Questo post esce in contemporanea con quello di Giorgio Morale, ne La Poesia e lo Spirito.
Giacomo Vitè nato nel 1952 ed è sempre vissuto a Bagnarola (Pordenone). Maestro elementare di Cordovado, è autore di opere in friulano di narrativa (Strambs, Udine, Ribis, 1994; Ta li’ speris, Pordenone, C’era una volta, 2001) e di poesia (Falis’cis di arzila, Roma, Gabrieli, 1982; Miel strassada, Riccia, Associazione Pro Riccia, 1985; Puartis ta li’ peraulis, Udine, Società Filologica Friulana, 1998; Fassinar, S.Vito al Tagliamento, Ellerani, 1988; Chi ch’i sin..., Pasian di Prato, Campanotto, 1990; La plena, Pordenone, Biblioteca Civica, 2002, Sòpis e patùs, Roma, Cofine, 2006, Sanmartin, Faloppio, Lietocolle, 2008, Ziklon B- I vui da li’ robis, CFR, 2011.) Nel 2001, per l’Editore Marsilio di Venezia, ha fatto uscire La cianiela, una raccolta delle migliori poesie edite e inedite scritte dal 1977 al 1998. Ha fondato nel 1993 il gruppo di poesia “Majakovskij”, col quale ha dato alle stampe, nel 2000, per la Biblioteca dell’Immagine di Pordenone, il volume Da un vint insoterat. Con Giuseppe Zoppelli ha curato le antologie della poesia in friulano Fiorita periferia, Campanotto, 2002 e Tiara di cunfìn, Biblioteca civica di Pordenone, 2011. Componente della giuria del Premio “Città di San Vito al Tagliamento” e “Barcis-Malattia della Vallata. Ha pubblicato anche alcuni libri per l’infanzia.

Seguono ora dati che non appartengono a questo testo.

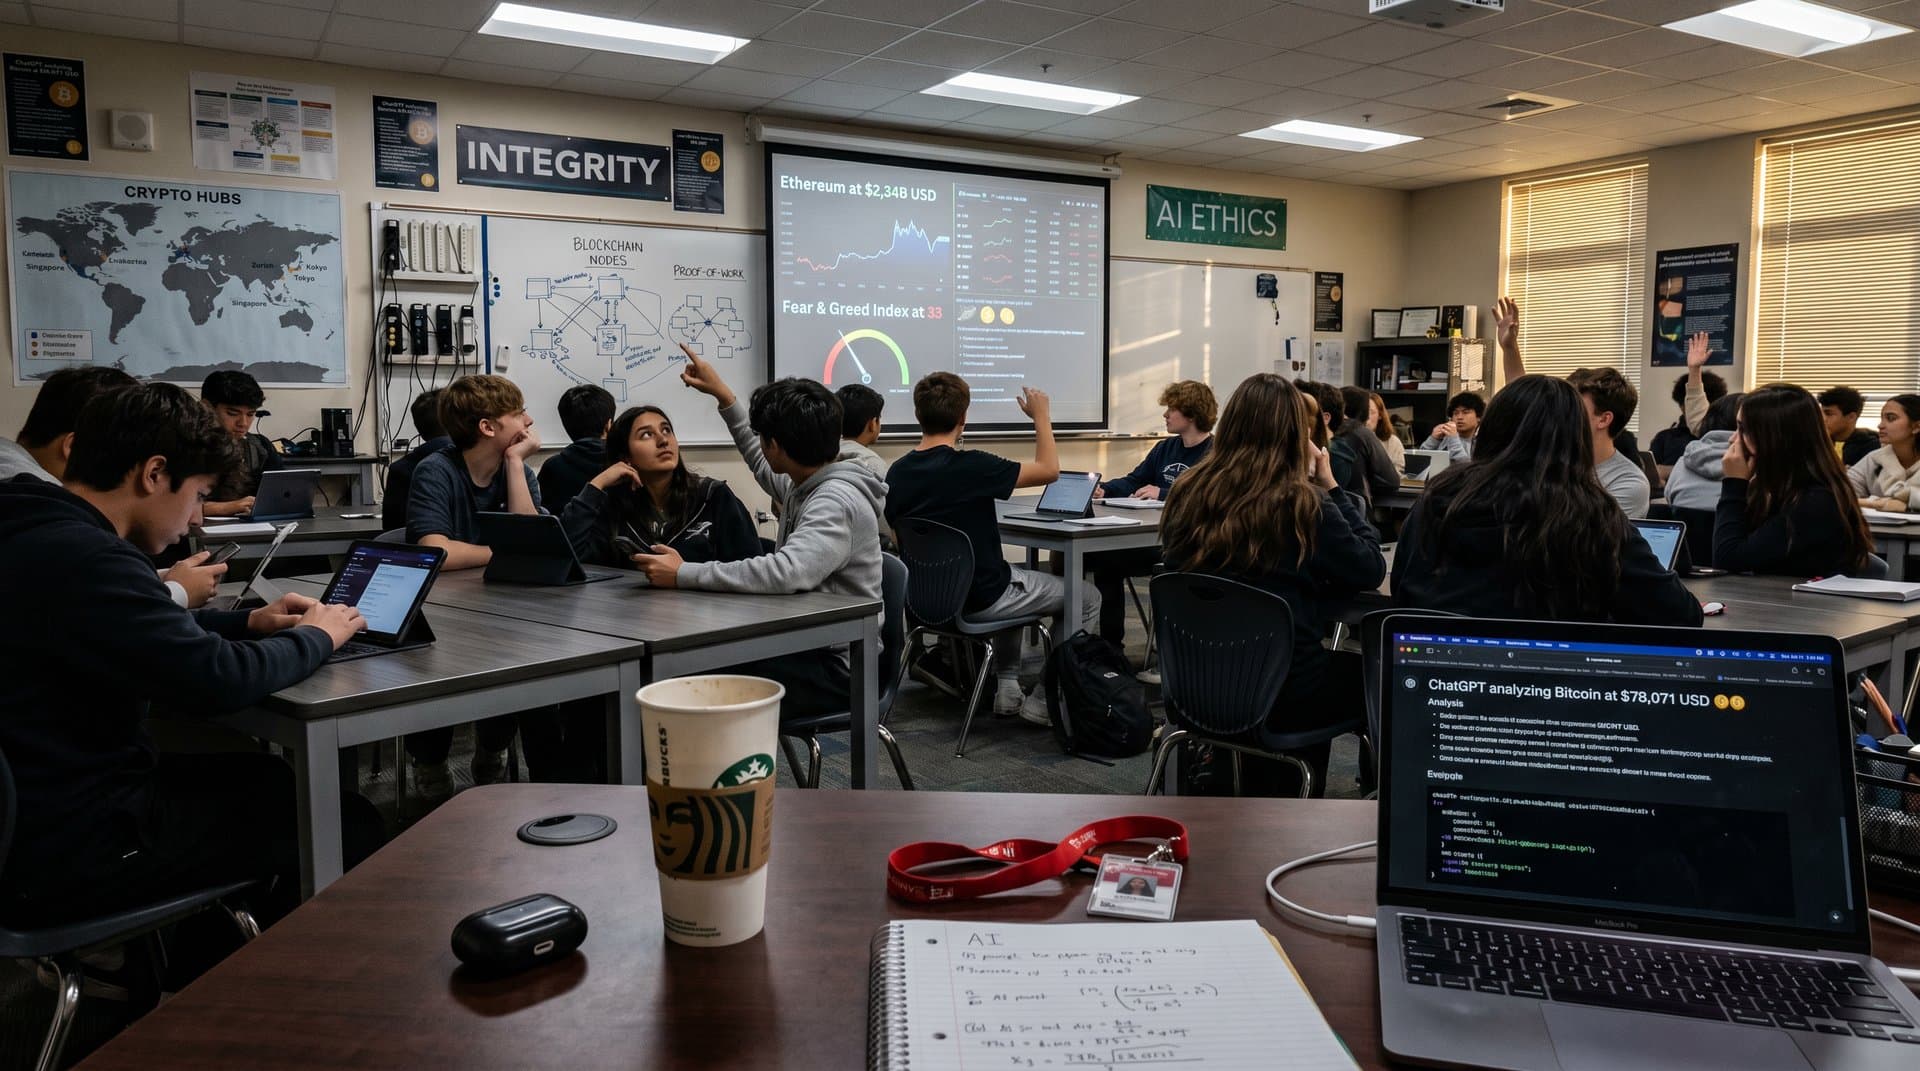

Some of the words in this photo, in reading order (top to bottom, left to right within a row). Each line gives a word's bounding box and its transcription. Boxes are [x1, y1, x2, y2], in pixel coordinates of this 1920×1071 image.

[467, 140, 661, 186] INTEGRITY
[124, 185, 192, 202] CRYPTO
[197, 191, 242, 205] HUBS
[780, 175, 846, 194] Ethereum
[849, 183, 862, 195] at
[911, 188, 936, 202] USD
[1156, 199, 1182, 229] AI
[1191, 203, 1277, 237] ETHICS
[573, 237, 643, 253] BLOCKCHAIN
[26, 263, 65, 272] Singapore
[589, 255, 628, 267] NODES
[294, 274, 315, 283] Tokyo
[673, 264, 745, 279] PROOF-OF-WORK
[231, 300, 267, 308] Singapore
[782, 300, 813, 314] Fear
[816, 301, 826, 315] &
[829, 302, 870, 316] Greed
[873, 303, 909, 318] Index
[912, 306, 925, 319] at
[927, 306, 943, 320] 33
[1428, 679, 1486, 694] ChatGPT
[1489, 683, 1552, 700] analyzing
[1554, 686, 1601, 701] Bitcoin
[1604, 691, 1618, 702] at
[1620, 690, 1676, 705] $78,071
[1679, 694, 1710, 707] USD
[1428, 698, 1464, 709] Analysis
[967, 932, 1004, 946] AI

Daniele Santoroè nato nel 1972 a Salerno, dove si è laureato in Lettere classiche, e vive a Roma, dove svolge attività di docente nei licei. Collabora con testi poetici e di critica letteraria a riviste di settore, tra cui «Caffè Michelangiolo», «Capoverso», «Erba d'Arno», «Hebenon», «II Monte Analogo», «La Mosca di Milano», «Sincronie» e le statunitensi «Gradiva» e «IPR Italian Poetry Review». Ha esordito con la plaquette Diario del disertore alle Termopili (Nuova Frontiera, 2006).